Virtual Reality creates a separated reality a space within reality, often sold to us as access to representations of a physical space that we couldn’t otherwise inhabit – back in time, out in space, in deep oceans…magical and transformational experiences. Stories do this too, using words to create a virtual space in our minds where we can experience things, feel emotions, inhabit another person’s ‘reality’, and visit alternative places, spaces, or times. We wanted to explore that point of boundary between spaces, using poetry and VR to trace the boundaries between real and the virtual. To do this, we needed to access a digital set -up suitable for outdoor use. Currently, there is not an affordable VR set-up that is mobile enough to take outdoors, so we have had to create one ourselves. We use the HTC VR-Vive kit with Google Tilt Brush, a laptop with an external eGPU, a Playstation and PS-VR headset and Move Controllers with Cool VR , and an iPhone 8 with a range of AR apps including Paint Space AR and LightSpace, both of which are very mobile and allow us to draw in outdoor/indoor spaces.

Example of AR video capture – “Beach Circles”

I found drawing complex representable shapes difficult with the AR app – shapes were jagged and sometimes jumped away from my location – I resorted to trying to make a human mark in the landscape – I achieve this with a circle motif, made with a circular arm swing from my shoulder and outstretched arm. Another technique we experimented with was walking along a line – shorelines and tide lines in the beaches were great starting points, and while holding the Phone to my hip allowed it to record my walking motion along the landscape.

Example of AR video capture – “Beach Line”

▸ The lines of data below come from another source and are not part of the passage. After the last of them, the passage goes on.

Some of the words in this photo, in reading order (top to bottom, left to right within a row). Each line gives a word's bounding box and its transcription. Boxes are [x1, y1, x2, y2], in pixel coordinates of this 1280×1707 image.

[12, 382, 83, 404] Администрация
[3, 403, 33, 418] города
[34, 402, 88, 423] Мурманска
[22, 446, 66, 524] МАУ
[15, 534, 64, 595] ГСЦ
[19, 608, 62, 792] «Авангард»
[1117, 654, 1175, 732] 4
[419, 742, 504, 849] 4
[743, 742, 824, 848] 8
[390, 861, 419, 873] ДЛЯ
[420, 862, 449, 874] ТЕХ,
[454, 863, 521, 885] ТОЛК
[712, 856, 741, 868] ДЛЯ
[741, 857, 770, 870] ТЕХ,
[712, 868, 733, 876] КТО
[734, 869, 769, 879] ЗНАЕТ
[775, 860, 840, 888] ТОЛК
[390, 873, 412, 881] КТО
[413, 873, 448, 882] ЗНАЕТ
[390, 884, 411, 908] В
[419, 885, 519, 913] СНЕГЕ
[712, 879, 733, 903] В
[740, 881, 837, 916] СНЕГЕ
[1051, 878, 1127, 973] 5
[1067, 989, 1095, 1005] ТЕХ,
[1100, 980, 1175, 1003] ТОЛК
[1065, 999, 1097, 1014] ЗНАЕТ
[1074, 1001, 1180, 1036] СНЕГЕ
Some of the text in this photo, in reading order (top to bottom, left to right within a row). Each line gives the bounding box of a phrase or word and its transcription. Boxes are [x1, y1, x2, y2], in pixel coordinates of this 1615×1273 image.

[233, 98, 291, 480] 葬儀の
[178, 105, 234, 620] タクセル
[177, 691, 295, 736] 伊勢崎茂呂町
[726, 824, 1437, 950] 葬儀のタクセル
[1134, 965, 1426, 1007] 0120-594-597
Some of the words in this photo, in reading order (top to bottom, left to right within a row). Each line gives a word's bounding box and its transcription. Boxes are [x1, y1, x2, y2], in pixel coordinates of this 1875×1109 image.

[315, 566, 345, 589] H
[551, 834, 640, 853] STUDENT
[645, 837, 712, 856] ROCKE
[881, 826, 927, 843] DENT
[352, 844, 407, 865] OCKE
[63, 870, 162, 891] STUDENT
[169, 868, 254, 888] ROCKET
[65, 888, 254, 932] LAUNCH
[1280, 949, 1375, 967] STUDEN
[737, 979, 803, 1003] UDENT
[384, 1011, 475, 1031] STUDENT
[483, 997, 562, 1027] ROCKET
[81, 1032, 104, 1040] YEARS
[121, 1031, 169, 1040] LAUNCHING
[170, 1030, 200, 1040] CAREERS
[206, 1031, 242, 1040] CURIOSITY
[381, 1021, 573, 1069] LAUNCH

Supported by an a-n bursary, we mapped out an initial three-week self-directed residency, travelling around Orkney as a family, staying at different points in a bothy, campervan, brotchie, and hostel. In order to create an immersive response to the space, we dropped ourselves into an immersive experience, our anchor being a single word — ‘trace’, constantly bringing us back to a point of exchange and discovery. Each location of the residency divided our time between exploration, research, reflection, and creation.